On Sunday we will mark the first anniversary of the terrible disaster that shook an island, surged an ocean and cracked a reactor in the Tohoku region of Japan. As we remember the nearly 16,000 lives that were lost and the 3,000 still missing, we also honor the Japanese people, who over the past year have reminded the world that the human spirit is as formidable as the forces of nature, particularly when we join together in trying times.
I had the privilege of visiting Japan five months after the March 11 earthquake and tsunami. The survivors I met in Natori and Sendai made clear to me that the disaster met its match in the resilience and fortitude of the Japanese people. While struck by the scale of the devastation, I also witnessed remarkable and inspiring progress in rebuilding homes, schools, and workplaces.

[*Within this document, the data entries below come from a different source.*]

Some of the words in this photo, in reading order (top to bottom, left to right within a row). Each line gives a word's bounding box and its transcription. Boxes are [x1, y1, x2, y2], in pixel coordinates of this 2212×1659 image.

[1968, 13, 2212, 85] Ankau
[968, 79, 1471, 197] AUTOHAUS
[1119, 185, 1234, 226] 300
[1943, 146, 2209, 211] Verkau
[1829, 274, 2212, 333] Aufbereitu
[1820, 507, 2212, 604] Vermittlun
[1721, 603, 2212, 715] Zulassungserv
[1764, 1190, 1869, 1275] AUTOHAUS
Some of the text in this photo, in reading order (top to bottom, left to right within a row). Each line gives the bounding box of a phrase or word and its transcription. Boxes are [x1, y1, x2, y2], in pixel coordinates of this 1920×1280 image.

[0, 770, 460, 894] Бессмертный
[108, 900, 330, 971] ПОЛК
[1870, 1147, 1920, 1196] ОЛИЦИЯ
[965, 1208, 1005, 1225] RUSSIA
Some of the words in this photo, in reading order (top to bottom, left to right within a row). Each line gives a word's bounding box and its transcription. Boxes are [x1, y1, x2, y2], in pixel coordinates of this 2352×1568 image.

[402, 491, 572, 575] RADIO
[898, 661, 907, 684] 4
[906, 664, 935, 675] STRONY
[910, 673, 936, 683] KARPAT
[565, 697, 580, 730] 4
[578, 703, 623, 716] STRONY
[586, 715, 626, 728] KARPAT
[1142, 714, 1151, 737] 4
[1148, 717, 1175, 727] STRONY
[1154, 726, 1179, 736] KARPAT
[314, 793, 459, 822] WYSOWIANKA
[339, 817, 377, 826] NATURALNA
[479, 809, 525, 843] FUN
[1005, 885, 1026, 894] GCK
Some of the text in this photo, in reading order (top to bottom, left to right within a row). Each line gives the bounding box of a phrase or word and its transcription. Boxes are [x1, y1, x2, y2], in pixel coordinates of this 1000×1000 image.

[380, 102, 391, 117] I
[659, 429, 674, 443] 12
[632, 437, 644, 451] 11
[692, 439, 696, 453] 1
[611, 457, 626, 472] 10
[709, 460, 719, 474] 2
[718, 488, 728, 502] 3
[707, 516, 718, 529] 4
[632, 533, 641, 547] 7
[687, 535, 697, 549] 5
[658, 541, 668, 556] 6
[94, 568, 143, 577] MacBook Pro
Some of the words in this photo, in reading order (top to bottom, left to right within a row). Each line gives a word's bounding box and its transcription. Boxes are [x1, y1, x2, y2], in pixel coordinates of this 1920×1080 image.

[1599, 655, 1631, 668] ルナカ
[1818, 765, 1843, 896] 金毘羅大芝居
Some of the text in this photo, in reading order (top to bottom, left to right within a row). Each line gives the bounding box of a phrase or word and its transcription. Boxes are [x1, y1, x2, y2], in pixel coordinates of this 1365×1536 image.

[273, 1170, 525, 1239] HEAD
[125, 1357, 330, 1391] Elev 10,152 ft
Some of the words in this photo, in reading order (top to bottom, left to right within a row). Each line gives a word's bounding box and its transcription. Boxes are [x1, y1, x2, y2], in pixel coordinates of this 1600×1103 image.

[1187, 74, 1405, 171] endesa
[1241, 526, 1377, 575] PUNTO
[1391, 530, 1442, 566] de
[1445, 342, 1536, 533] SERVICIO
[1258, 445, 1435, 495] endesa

The American people were proud and honored to assist Japan, just as Japan has done for countless others around the world, in their times of need. Within hours of the disaster, we launched an unprecedented civilian and military relief effort -- Operation Tomodachi. In Sendai, I visited an airport that had been flooded and later became a home to more than 1,000 weary survivors with nowhere else to go. A week after the tsunami, Japanese and American forces reopened a runway, allowing the arrival of hundreds of relief workers and more than two million tons of humanitarian supplies.
We are proud to have continued our support over the past year. As Japan rebuilds, America will stand with them as long as it takes. We join the Japanese people today in honoring the memories of those lost as they continue to work for a better future.